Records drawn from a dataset
........

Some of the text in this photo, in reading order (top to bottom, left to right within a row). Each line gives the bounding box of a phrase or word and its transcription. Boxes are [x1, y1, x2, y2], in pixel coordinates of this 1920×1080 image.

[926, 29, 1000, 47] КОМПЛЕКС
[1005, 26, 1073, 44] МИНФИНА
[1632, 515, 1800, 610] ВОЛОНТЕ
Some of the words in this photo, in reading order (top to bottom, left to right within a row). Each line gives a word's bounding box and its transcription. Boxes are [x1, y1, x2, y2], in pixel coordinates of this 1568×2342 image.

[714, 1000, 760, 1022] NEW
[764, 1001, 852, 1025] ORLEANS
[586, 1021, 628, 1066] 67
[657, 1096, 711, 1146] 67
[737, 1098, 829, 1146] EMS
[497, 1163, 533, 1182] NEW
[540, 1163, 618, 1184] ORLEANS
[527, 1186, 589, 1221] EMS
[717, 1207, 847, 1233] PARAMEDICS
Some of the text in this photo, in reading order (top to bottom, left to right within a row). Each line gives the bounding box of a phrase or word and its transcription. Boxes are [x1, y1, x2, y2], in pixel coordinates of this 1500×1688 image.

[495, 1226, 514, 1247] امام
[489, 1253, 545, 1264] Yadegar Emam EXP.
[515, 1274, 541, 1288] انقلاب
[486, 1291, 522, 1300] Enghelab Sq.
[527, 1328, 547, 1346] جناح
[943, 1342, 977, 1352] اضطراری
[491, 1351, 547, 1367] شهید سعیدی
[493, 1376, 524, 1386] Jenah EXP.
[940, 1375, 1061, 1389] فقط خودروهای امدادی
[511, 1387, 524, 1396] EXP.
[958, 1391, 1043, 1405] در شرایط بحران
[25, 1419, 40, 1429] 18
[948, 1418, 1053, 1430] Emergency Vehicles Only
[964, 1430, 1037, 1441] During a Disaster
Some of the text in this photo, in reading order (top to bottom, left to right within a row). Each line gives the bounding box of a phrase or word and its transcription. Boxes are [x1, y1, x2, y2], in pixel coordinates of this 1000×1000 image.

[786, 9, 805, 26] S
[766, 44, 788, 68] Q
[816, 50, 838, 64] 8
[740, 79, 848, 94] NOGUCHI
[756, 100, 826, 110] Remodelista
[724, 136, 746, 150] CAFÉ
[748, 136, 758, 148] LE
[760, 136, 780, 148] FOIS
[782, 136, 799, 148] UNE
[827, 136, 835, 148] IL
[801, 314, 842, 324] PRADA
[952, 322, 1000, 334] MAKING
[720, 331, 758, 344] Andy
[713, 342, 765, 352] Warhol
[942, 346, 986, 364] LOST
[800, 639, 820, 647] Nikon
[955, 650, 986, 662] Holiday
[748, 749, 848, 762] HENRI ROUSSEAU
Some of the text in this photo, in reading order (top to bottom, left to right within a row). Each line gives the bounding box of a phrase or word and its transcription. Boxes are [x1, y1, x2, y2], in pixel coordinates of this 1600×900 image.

........

WORK REQUEST
Your job is to copy all the records exactly.

WRITTEN SOLUTION
Some of the text in this photo, in reading order (top to bottom, left to right within a row). Each line gives the bounding box of a phrase or word and its transcription. Boxes are [x1, y1, x2, y2], in pixel coordinates of this 1920×1080 image.

[926, 29, 1000, 47] КОМПЛЕКС
[1005, 26, 1073, 44] МИНФИНА
[1632, 515, 1800, 610] ВОЛОНТЕ
Some of the words in this photo, in reading order (top to bottom, left to right within a row). Each line gives a word's bounding box and its transcription. Boxes are [x1, y1, x2, y2], in pixel coordinates of this 1568×2342 image.

[714, 1000, 760, 1022] NEW
[764, 1001, 852, 1025] ORLEANS
[586, 1021, 628, 1066] 67
[657, 1096, 711, 1146] 67
[737, 1098, 829, 1146] EMS
[497, 1163, 533, 1182] NEW
[540, 1163, 618, 1184] ORLEANS
[527, 1186, 589, 1221] EMS
[717, 1207, 847, 1233] PARAMEDICS
Some of the text in this photo, in reading order (top to bottom, left to right within a row). Each line gives the bounding box of a phrase or word and its transcription. Boxes are [x1, y1, x2, y2], in pixel coordinates of this 1500×1688 image.

[495, 1226, 514, 1247] امام
[489, 1253, 545, 1264] Yadegar Emam EXP.
[515, 1274, 541, 1288] انقلاب
[486, 1291, 522, 1300] Enghelab Sq.
[527, 1328, 547, 1346] جناح
[943, 1342, 977, 1352] اضطراری
[491, 1351, 547, 1367] شهید سعیدی
[493, 1376, 524, 1386] Jenah EXP.
[940, 1375, 1061, 1389] فقط خودروهای امدادی
[511, 1387, 524, 1396] EXP.
[958, 1391, 1043, 1405] در شرایط بحران
[25, 1419, 40, 1429] 18
[948, 1418, 1053, 1430] Emergency Vehicles Only
[964, 1430, 1037, 1441] During a Disaster
Some of the text in this photo, in reading order (top to bottom, left to right within a row). Each line gives the bounding box of a phrase or word and its transcription. Boxes are [x1, y1, x2, y2], in pixel coordinates of this 1000×1000 image.

[786, 9, 805, 26] S
[766, 44, 788, 68] Q
[816, 50, 838, 64] 8
[740, 79, 848, 94] NOGUCHI
[756, 100, 826, 110] Remodelista
[724, 136, 746, 150] CAFÉ
[748, 136, 758, 148] LE
[760, 136, 780, 148] FOIS
[782, 136, 799, 148] UNE
[827, 136, 835, 148] IL
[801, 314, 842, 324] PRADA
[952, 322, 1000, 334] MAKING
[720, 331, 758, 344] Andy
[713, 342, 765, 352] Warhol
[942, 346, 986, 364] LOST
[800, 639, 820, 647] Nikon
[955, 650, 986, 662] Holiday
[748, 749, 848, 762] HENRI ROUSSEAU
Some of the text in this photo, in reading order (top to bottom, left to right within a row). Each line gives the bounding box of a phrase or word and its transcription. Boxes are [x1, y1, x2, y2], in pixel coordinates of this 1600×900 image.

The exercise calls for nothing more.